Presentation Authors: Chalairat Suk-Ouichai*, Aikaterini Kotrotsou, Tagwa Idris, Srishti Abrol, Eric Umbreit, Andrew G. McIntosh, Christopher G. Wood, Rivka R. Colen, Jose A. Karam, Houston, TX
Introduction: Sarcomatoid RCC (sRCC) is an aggressive renal malignancy, with poor survival and limited response to therapy. Preoperative identification of sRCC would be helpful for counselling patients, and clinical trial enrollment. This study aims at assessing the potential of radiomics to discriminate clear cell sRCC from non-sarcomatoid clear cell RCC (nsRCC).

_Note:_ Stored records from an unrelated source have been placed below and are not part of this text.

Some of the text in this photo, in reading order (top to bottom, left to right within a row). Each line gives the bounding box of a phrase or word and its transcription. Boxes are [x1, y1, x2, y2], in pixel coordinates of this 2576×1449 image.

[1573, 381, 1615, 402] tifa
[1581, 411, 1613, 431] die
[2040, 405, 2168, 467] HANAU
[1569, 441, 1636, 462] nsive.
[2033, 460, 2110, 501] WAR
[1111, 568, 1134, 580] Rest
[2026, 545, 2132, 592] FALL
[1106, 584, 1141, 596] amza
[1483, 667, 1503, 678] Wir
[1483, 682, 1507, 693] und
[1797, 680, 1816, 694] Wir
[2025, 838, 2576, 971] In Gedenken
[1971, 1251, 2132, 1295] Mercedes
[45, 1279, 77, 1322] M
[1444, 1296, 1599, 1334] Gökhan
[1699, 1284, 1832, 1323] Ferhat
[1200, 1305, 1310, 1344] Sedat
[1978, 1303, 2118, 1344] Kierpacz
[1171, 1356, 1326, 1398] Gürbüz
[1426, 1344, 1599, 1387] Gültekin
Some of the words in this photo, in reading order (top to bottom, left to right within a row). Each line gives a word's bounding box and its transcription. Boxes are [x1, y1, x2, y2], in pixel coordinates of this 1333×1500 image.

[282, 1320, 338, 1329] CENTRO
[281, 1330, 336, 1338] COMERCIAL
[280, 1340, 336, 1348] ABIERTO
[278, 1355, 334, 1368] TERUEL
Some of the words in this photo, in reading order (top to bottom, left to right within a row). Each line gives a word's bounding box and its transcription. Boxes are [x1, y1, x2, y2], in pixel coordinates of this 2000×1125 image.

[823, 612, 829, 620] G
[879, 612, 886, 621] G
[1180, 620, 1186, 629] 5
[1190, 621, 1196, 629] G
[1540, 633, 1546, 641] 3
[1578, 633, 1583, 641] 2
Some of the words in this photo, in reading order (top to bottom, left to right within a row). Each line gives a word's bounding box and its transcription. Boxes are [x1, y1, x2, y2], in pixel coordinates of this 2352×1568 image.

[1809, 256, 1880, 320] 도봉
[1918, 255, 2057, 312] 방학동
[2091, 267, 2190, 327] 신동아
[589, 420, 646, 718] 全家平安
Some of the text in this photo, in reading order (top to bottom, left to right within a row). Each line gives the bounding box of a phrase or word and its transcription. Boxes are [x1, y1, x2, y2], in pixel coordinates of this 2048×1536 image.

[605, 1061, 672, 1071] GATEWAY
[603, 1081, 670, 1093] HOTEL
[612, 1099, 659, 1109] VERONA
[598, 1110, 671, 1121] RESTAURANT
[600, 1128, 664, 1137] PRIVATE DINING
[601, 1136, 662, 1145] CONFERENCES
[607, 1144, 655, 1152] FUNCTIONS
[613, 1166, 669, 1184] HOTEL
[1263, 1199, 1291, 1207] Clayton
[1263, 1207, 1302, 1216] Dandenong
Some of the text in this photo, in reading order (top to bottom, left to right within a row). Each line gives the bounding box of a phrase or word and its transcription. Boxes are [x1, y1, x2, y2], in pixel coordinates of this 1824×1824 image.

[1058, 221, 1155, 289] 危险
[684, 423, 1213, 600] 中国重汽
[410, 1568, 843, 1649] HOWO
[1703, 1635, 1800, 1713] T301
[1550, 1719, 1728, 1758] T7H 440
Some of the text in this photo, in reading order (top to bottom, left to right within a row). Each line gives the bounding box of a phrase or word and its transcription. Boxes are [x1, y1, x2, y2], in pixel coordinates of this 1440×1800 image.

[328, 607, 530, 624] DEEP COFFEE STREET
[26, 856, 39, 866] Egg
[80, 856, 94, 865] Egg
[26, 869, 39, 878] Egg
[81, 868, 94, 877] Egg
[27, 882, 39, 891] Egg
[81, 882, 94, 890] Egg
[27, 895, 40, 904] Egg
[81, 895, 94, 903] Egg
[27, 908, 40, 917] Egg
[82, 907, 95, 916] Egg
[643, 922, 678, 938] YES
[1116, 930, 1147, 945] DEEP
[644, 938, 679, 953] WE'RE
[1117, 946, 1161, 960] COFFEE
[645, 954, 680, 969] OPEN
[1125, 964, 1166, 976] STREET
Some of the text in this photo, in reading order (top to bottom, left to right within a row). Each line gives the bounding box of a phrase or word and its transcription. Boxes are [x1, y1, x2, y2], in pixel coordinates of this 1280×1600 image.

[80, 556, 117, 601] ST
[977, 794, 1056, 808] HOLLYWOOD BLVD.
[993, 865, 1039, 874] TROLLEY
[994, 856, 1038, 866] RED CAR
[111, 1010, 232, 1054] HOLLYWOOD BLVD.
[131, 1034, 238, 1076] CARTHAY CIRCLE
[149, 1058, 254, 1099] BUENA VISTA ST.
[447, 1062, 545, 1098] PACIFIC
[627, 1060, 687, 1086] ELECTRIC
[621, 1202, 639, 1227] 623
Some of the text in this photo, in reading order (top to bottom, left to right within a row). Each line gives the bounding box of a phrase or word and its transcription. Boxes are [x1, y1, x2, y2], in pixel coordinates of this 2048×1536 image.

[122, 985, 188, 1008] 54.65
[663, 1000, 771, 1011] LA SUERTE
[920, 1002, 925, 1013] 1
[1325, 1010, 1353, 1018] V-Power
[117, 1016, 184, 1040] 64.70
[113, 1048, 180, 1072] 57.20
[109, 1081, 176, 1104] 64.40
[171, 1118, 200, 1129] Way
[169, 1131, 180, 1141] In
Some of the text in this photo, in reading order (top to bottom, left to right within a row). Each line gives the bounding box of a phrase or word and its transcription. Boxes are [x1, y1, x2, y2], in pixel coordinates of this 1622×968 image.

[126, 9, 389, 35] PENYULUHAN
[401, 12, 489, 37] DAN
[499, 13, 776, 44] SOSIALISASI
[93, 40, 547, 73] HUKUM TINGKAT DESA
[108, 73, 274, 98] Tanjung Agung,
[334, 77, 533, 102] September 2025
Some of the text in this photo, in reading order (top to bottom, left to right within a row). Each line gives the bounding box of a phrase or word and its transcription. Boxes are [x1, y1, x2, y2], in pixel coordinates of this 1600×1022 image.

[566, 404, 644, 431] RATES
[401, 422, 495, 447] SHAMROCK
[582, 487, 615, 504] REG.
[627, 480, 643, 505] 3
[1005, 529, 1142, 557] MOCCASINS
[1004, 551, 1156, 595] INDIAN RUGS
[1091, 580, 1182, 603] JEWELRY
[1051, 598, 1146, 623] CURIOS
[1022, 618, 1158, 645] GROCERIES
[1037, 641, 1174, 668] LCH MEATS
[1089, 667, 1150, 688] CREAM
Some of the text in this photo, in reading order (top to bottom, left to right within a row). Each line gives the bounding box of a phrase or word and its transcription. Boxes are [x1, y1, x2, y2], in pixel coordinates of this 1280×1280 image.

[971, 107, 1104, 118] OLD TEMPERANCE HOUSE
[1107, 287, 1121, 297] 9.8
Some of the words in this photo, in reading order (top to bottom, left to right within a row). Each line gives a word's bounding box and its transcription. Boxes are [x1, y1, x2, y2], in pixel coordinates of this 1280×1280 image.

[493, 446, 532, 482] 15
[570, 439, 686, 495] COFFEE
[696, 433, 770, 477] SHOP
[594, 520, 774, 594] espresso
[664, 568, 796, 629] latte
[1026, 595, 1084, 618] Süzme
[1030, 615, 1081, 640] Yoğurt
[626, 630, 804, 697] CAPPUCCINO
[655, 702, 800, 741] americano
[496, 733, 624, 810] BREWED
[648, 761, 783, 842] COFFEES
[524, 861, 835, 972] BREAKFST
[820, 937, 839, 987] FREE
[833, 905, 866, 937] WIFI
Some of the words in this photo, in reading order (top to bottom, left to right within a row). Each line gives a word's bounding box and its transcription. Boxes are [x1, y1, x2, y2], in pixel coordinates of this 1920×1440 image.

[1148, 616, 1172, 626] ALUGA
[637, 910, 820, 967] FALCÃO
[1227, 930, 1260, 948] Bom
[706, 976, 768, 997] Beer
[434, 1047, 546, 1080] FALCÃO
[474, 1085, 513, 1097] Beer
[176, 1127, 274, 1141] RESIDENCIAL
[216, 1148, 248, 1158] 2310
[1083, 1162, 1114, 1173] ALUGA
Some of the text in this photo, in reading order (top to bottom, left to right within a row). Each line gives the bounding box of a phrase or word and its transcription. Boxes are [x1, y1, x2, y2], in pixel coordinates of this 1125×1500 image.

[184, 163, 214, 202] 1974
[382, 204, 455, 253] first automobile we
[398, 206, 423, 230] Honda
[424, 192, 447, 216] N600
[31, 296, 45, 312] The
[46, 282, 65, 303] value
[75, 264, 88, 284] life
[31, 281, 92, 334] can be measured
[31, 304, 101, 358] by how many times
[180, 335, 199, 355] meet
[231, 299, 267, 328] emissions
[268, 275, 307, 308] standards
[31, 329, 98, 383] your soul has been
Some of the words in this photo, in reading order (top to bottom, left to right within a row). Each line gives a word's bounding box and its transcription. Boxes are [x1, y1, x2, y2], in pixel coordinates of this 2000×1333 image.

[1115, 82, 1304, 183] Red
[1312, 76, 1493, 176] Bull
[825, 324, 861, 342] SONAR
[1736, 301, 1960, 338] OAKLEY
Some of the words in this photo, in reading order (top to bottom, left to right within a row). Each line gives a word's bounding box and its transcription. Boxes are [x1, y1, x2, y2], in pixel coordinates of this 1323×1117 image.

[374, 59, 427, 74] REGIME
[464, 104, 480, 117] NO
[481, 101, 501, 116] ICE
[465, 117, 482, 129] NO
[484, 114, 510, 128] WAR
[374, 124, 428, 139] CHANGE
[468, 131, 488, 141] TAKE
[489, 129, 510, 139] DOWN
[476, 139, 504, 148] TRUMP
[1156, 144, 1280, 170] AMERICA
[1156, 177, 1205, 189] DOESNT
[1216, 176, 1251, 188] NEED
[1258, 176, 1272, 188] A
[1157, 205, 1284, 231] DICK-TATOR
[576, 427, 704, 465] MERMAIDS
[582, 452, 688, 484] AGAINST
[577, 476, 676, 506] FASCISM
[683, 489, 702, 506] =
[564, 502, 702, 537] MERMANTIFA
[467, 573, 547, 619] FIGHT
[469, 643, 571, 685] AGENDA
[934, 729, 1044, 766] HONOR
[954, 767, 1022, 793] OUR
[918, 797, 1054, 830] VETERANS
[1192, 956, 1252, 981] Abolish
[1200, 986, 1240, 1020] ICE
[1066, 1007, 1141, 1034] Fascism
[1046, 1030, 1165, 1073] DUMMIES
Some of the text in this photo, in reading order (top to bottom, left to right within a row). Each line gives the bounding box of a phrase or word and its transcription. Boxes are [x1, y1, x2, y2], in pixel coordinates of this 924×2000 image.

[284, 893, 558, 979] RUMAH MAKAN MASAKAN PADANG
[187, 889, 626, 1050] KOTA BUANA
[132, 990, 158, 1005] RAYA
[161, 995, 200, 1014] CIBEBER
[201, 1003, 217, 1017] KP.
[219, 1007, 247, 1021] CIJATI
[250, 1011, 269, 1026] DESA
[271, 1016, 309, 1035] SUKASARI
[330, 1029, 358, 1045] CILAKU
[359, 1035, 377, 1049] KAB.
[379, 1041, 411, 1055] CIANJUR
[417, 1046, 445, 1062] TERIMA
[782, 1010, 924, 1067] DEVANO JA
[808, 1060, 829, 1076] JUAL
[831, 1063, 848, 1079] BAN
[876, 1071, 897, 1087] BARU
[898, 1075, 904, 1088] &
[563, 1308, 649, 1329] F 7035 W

Methods: The study included 90 clear cell RCC patients (49 sRCC and 41 nsRCC patients) treated with surgery between 2007-2016, who had contrast-enhanced CT available. An experienced radiologist delineated the entire tumor using 3D Slicer (http://www.slicer.org). The extracted 3D region of interest was imported in our in-house radiomic pipeline. A total of 310 features (10 histogram-based and 300 second-order features) were calculated. Second-order radiomic features were calculated using the Grey Level Cooccurrence Matrix (GLCM) and 20 Haralick features were obtained from the GLCM. To account for directionality, the mean, variance and range of the features across different directions were calculated. Finally, different number of gray levels were also considered in the analysis (N=8, 16, 32, 64, 256). Core features were obtained using a feature selection based on Least Absolute Shrinkage and Selection Operator (LASSO). Selected features were used to build a classification model for prediction of sRCC versus nsRCC (XGboost method). To evaluate the robustness of the estimates, Leave One Out Cross-Validation (LOOCV) was conducted on the patient set.
Results: Overall, median tumor size was 10.0 cm and most patients had pT3a (68%). There was no significant difference of age, gender, race, tumor size and stages between sRCC and nsRCC cohorts. The prediction of sRCC using LOOCV was significant with p-value < 0.0001. Area under the curve, sensitivity, and specificity for identification of sRCC were 96.8%, 92.6% and 93.8% respectively.
Conclusions: This study demonstrates that CT radiomic features can accurately discriminate between sRCC and nsRCC. The proposed tool has the potential to advance clinical management strategies. In addition to being noninvasive, this methodology can be applied to scans obtained during routine clinical care. Further external validation is warranted.